ENTRIES SUPPLIED section start
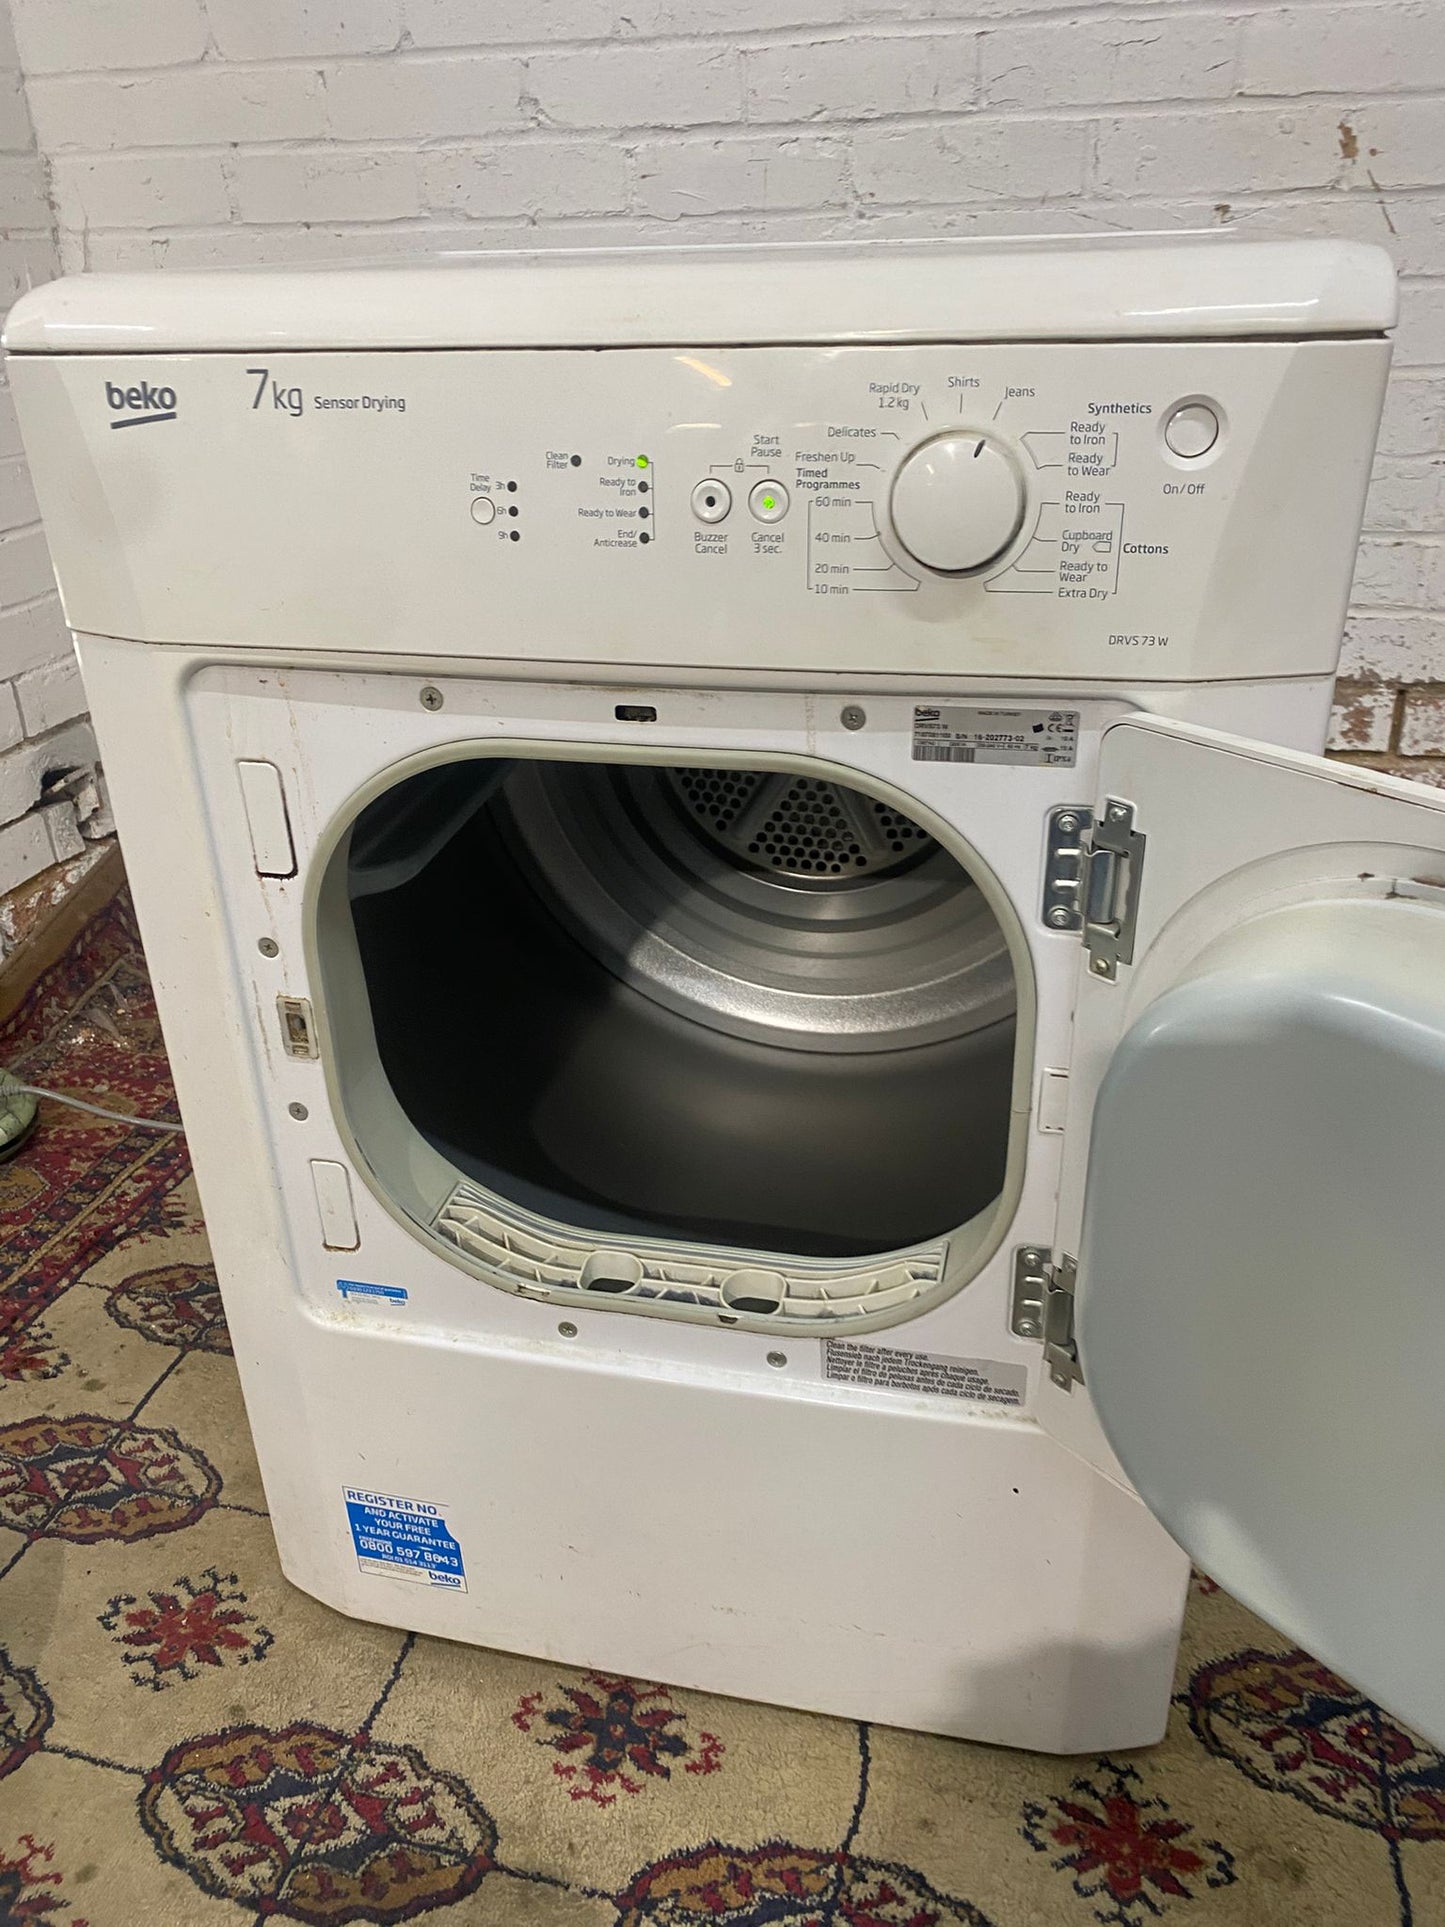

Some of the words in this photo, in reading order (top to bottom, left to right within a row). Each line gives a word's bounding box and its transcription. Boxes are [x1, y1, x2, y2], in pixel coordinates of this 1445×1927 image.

[948, 377, 980, 388] Shirts
[869, 383, 899, 395] Rapid
[902, 383, 920, 396] Dry
[1004, 387, 1035, 399] Jeans
[105, 381, 176, 410] beko
[314, 396, 359, 409] Sensor
[362, 396, 405, 412] Drying
[897, 398, 909, 410] kg
[1088, 402, 1152, 416] Synthetics
[828, 427, 876, 438] Delicates
[1070, 422, 1105, 434] Ready
[754, 435, 779, 445] Start
[1070, 437, 1081, 445] to
[1084, 436, 1105, 445] Iron
[546, 451, 568, 460] Clean
[751, 448, 782, 457] Pause
[795, 452, 838, 462] Freshen
[840, 452, 855, 463] Up
[608, 457, 635, 467] Drying
[1069, 453, 1103, 465] Ready
[547, 461, 568, 469] Filter
[797, 468, 827, 478] Timed
[1068, 467, 1079, 475] to
[1082, 467, 1110, 476] Wear
[471, 474, 490, 482] Time
[600, 478, 626, 488] Ready
[628, 479, 636, 487] to
[470, 483, 491, 493] Delay
[496, 482, 505, 490] 3h
[796, 480, 860, 490] Programmes
[620, 488, 636, 496] Iron
[1066, 491, 1100, 503] Ready
[815, 497, 830, 506] 60
[832, 497, 851, 506] min
[497, 507, 506, 515] 6h
[578, 509, 603, 518] Ready
[606, 509, 614, 517] to
[615, 509, 636, 517] Wear
[1065, 504, 1076, 513] to
[1079, 504, 1100, 513] Iron
[618, 530, 636, 539] End/
[694, 532, 728, 542] Buzzer
[751, 532, 784, 542] Cancel
[815, 533, 830, 542] 40
[832, 533, 850, 542] min
[1062, 530, 1112, 541] Cupboard
[594, 539, 637, 548] Anticrease
[1062, 542, 1080, 554] Dry
[1123, 543, 1169, 554] Cottons
[695, 544, 727, 554] Cancel
[754, 544, 760, 554] 3
[761, 545, 782, 554] sec.
[815, 564, 828, 573] 20
[830, 564, 849, 573] min
[1060, 561, 1094, 573] Ready
[1097, 562, 1108, 571] to
[1059, 573, 1087, 582] Wear
[815, 584, 828, 594] 10
[830, 584, 848, 594] min
[1058, 588, 1086, 598] Extra
[1089, 588, 1108, 600] Dry
[1109, 635, 1139, 645] DRVS
[1141, 636, 1155, 646] 73
[1158, 637, 1168, 646] W
[826, 1340, 845, 1350] Clean
[846, 1343, 858, 1351] the
[859, 1344, 876, 1353] filter
[877, 1347, 893, 1355] after
[894, 1351, 913, 1360] every
[347, 1490, 413, 1511] REGISTER
[365, 1507, 386, 1517] AND
[388, 1510, 438, 1528] ACTIVATE
[375, 1518, 402, 1530] YOUR
[405, 1524, 431, 1536] FREE
[363, 1525, 390, 1537] YEAR
[392, 1531, 455, 1550] GUARANTEE
[360, 1540, 393, 1554] 0800
[397, 1547, 420, 1558] 597
[429, 1571, 460, 1584] beko
ENTRIES SUPPLIED section end
ACTION ITEM =>
Count the lines in the records above that contain "Ready", please, and give the number without any other words.

YOUR RESPONSE =>
6